Task prompt
Look at the entries below and reproduce them exactly.

Exercise materials
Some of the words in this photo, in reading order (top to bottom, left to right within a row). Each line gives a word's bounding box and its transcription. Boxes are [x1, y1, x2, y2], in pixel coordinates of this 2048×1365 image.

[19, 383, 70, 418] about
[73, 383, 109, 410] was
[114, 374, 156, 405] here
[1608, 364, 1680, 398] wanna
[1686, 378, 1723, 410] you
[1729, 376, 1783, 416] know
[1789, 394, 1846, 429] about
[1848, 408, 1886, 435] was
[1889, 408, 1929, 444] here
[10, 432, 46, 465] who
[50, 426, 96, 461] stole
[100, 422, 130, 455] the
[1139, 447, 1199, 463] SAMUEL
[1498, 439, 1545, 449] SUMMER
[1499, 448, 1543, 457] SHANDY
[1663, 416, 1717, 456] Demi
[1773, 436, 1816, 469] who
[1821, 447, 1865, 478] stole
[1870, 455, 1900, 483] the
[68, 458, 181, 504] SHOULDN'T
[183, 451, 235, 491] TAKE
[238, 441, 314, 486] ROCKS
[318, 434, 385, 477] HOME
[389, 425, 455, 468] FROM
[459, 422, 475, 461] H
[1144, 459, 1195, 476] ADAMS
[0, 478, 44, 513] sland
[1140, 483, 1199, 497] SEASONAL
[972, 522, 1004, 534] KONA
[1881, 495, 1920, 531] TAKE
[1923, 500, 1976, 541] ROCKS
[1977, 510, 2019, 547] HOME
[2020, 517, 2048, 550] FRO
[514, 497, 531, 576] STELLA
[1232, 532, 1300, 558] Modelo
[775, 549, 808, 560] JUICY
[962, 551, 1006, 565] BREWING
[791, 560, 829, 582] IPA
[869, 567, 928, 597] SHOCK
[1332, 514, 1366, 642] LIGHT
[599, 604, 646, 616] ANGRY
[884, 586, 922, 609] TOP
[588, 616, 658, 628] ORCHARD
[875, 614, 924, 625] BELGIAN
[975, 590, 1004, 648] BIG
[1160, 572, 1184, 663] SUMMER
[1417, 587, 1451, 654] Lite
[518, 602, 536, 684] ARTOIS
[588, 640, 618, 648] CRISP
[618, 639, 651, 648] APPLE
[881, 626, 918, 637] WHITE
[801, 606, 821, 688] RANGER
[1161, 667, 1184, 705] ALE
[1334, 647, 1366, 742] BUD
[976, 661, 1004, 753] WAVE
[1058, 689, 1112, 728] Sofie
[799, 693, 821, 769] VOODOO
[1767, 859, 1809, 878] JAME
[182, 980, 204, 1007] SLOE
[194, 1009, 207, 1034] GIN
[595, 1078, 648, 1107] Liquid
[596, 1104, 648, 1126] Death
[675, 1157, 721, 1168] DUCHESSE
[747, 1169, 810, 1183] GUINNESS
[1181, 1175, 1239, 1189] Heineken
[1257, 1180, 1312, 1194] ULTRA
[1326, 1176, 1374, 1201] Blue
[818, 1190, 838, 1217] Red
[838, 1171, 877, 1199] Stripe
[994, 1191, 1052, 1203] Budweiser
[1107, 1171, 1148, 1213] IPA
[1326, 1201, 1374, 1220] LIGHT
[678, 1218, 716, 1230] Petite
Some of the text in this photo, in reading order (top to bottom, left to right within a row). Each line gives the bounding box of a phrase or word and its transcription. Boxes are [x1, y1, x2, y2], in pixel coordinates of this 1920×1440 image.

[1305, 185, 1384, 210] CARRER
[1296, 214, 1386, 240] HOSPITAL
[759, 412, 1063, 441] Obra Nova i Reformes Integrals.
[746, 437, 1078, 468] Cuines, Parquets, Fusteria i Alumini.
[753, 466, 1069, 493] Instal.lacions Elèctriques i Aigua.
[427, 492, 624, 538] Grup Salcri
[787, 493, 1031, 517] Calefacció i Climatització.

Output for this task
Some of the words in this photo, in reading order (top to bottom, left to right within a row). Each line gives a word's bounding box and its transcription. Boxes are [x1, y1, x2, y2], in pixel coordinates of this 2048×1365 image.

[19, 383, 70, 418] about
[73, 383, 109, 410] was
[114, 374, 156, 405] here
[1608, 364, 1680, 398] wanna
[1686, 378, 1723, 410] you
[1729, 376, 1783, 416] know
[1789, 394, 1846, 429] about
[1848, 408, 1886, 435] was
[1889, 408, 1929, 444] here
[10, 432, 46, 465] who
[50, 426, 96, 461] stole
[100, 422, 130, 455] the
[1139, 447, 1199, 463] SAMUEL
[1498, 439, 1545, 449] SUMMER
[1499, 448, 1543, 457] SHANDY
[1663, 416, 1717, 456] Demi
[1773, 436, 1816, 469] who
[1821, 447, 1865, 478] stole
[1870, 455, 1900, 483] the
[68, 458, 181, 504] SHOULDN'T
[183, 451, 235, 491] TAKE
[238, 441, 314, 486] ROCKS
[318, 434, 385, 477] HOME
[389, 425, 455, 468] FROM
[459, 422, 475, 461] H
[1144, 459, 1195, 476] ADAMS
[0, 478, 44, 513] sland
[1140, 483, 1199, 497] SEASONAL
[972, 522, 1004, 534] KONA
[1881, 495, 1920, 531] TAKE
[1923, 500, 1976, 541] ROCKS
[1977, 510, 2019, 547] HOME
[2020, 517, 2048, 550] FRO
[514, 497, 531, 576] STELLA
[1232, 532, 1300, 558] Modelo
[775, 549, 808, 560] JUICY
[962, 551, 1006, 565] BREWING
[791, 560, 829, 582] IPA
[869, 567, 928, 597] SHOCK
[1332, 514, 1366, 642] LIGHT
[599, 604, 646, 616] ANGRY
[884, 586, 922, 609] TOP
[588, 616, 658, 628] ORCHARD
[875, 614, 924, 625] BELGIAN
[975, 590, 1004, 648] BIG
[1160, 572, 1184, 663] SUMMER
[1417, 587, 1451, 654] Lite
[518, 602, 536, 684] ARTOIS
[588, 640, 618, 648] CRISP
[618, 639, 651, 648] APPLE
[881, 626, 918, 637] WHITE
[801, 606, 821, 688] RANGER
[1161, 667, 1184, 705] ALE
[1334, 647, 1366, 742] BUD
[976, 661, 1004, 753] WAVE
[1058, 689, 1112, 728] Sofie
[799, 693, 821, 769] VOODOO
[1767, 859, 1809, 878] JAME
[182, 980, 204, 1007] SLOE
[194, 1009, 207, 1034] GIN
[595, 1078, 648, 1107] Liquid
[596, 1104, 648, 1126] Death
[675, 1157, 721, 1168] DUCHESSE
[747, 1169, 810, 1183] GUINNESS
[1181, 1175, 1239, 1189] Heineken
[1257, 1180, 1312, 1194] ULTRA
[1326, 1176, 1374, 1201] Blue
[818, 1190, 838, 1217] Red
[838, 1171, 877, 1199] Stripe
[994, 1191, 1052, 1203] Budweiser
[1107, 1171, 1148, 1213] IPA
[1326, 1201, 1374, 1220] LIGHT
[678, 1218, 716, 1230] Petite
Some of the text in this photo, in reading order (top to bottom, left to right within a row). Each line gives the bounding box of a phrase or word and its transcription. Boxes are [x1, y1, x2, y2], in pixel coordinates of this 1920×1440 image.

[1305, 185, 1384, 210] CARRER
[1296, 214, 1386, 240] HOSPITAL
[759, 412, 1063, 441] Obra Nova i Reformes Integrals.
[746, 437, 1078, 468] Cuines, Parquets, Fusteria i Alumini.
[753, 466, 1069, 493] Instal.lacions Elèctriques i Aigua.
[427, 492, 624, 538] Grup Salcri
[787, 493, 1031, 517] Calefacció i Climatització.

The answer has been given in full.